**ACTION ITEM:** For this exercise, reproduce the records exactly as they stand and do not carry any images over.

**DATA LISTING:**

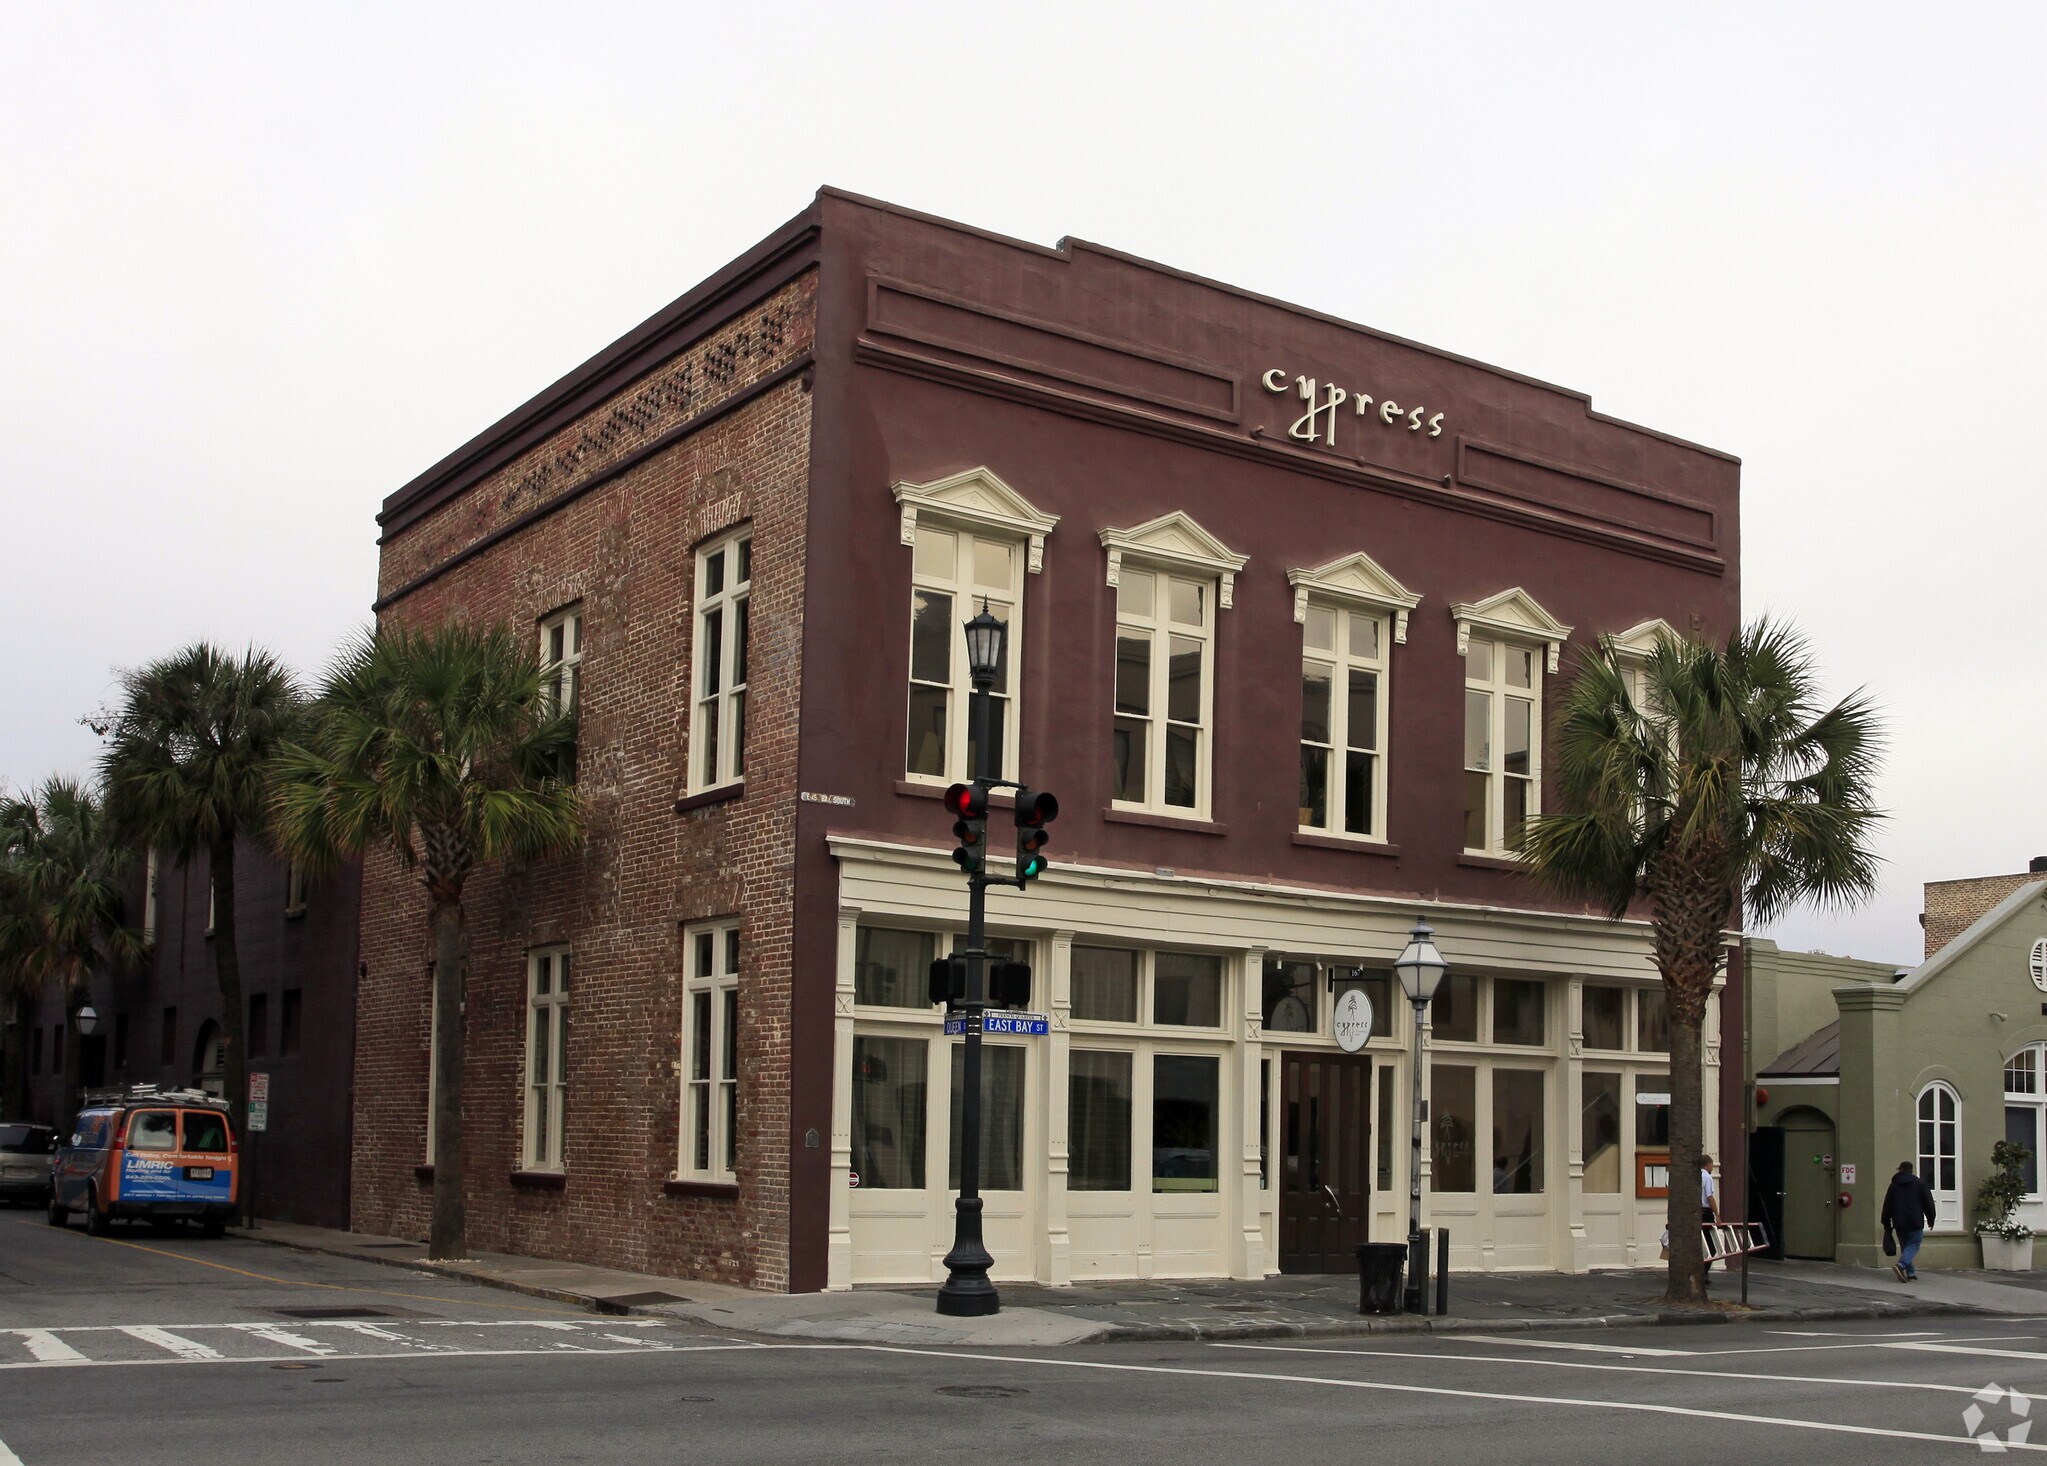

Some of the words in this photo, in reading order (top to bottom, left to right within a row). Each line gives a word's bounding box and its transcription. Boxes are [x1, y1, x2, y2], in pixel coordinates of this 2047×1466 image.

[1262, 368, 1445, 447] cypress
[989, 1019, 1012, 1031] EAST
[1015, 1020, 1033, 1033] BAY
[1036, 1024, 1044, 1032] ST
[1336, 1021, 1368, 1036] cypress
[127, 1160, 174, 1170] LIMRIC
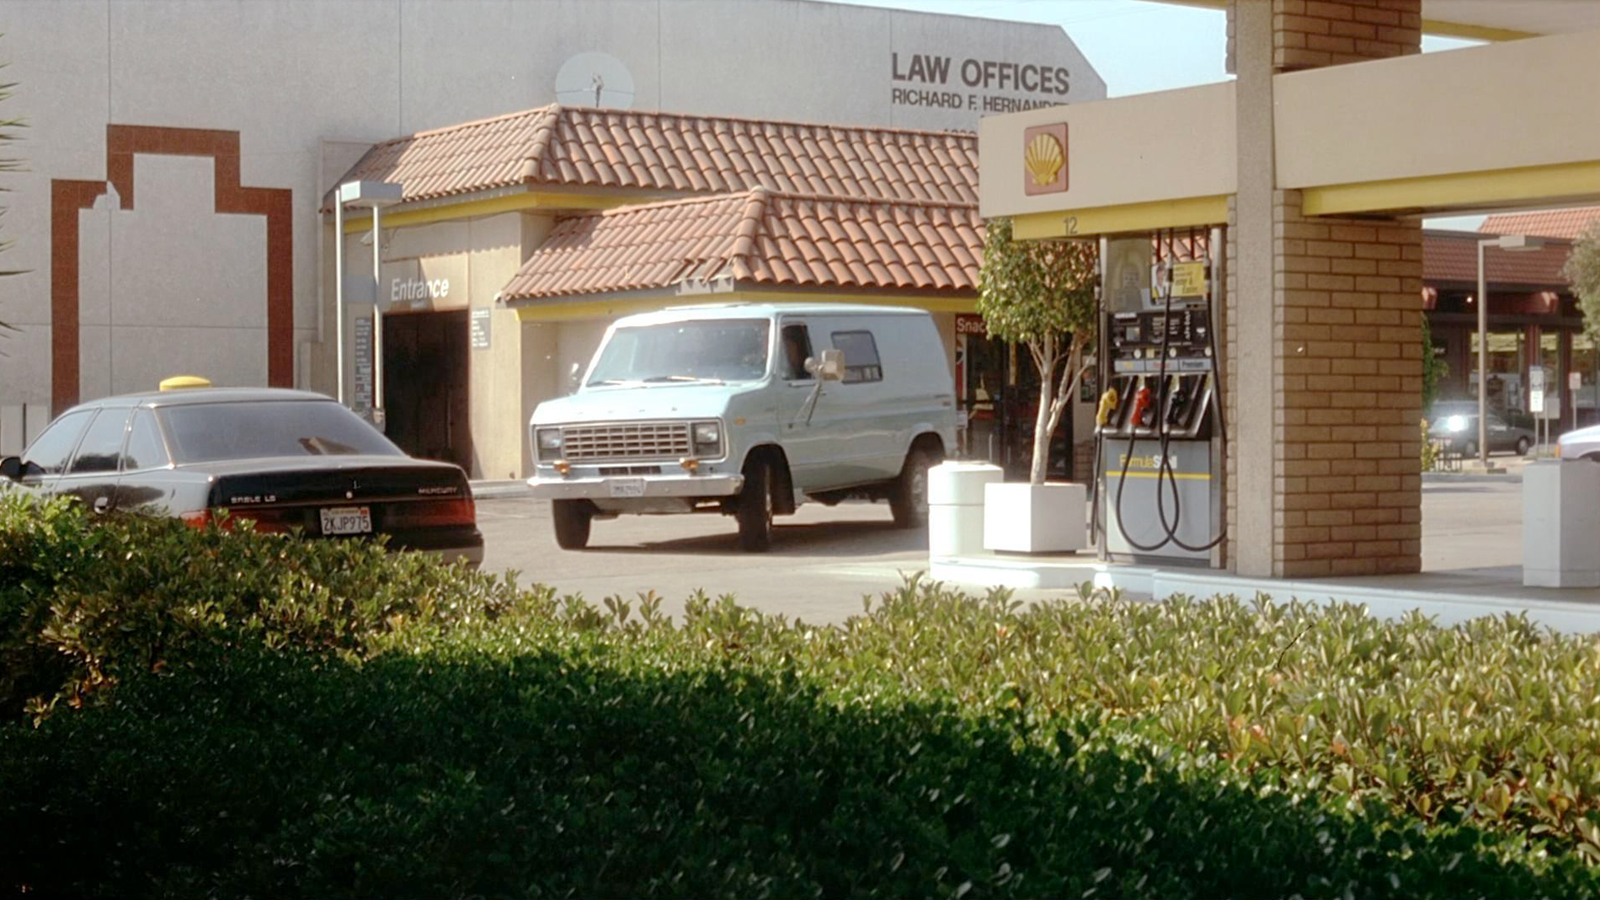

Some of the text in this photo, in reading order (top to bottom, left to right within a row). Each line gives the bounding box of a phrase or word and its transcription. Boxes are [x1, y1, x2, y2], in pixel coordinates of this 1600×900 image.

[892, 52, 1070, 95] LAW OFFICES
[892, 88, 1070, 113] RICHARD F. HERNAND
[1063, 216, 1078, 236] 12
[391, 277, 450, 301] Entrance
[957, 317, 987, 333] Snac
[323, 515, 370, 532] 2KJP975

**ANSWER SECTION:**
Some of the words in this photo, in reading order (top to bottom, left to right within a row). Each line gives a word's bounding box and its transcription. Boxes are [x1, y1, x2, y2], in pixel coordinates of this 2047×1466 image.

[1262, 368, 1445, 447] cypress
[989, 1019, 1012, 1031] EAST
[1015, 1020, 1033, 1033] BAY
[1036, 1024, 1044, 1032] ST
[1336, 1021, 1368, 1036] cypress
[127, 1160, 174, 1170] LIMRIC

Some of the text in this photo, in reading order (top to bottom, left to right within a row). Each line gives the bounding box of a phrase or word and its transcription. Boxes are [x1, y1, x2, y2], in pixel coordinates of this 1600×900 image.

[892, 52, 1070, 95] LAW OFFICES
[892, 88, 1070, 113] RICHARD F. HERNAND
[1063, 216, 1078, 236] 12
[391, 277, 450, 301] Entrance
[957, 317, 987, 333] Snac
[323, 515, 370, 532] 2KJP975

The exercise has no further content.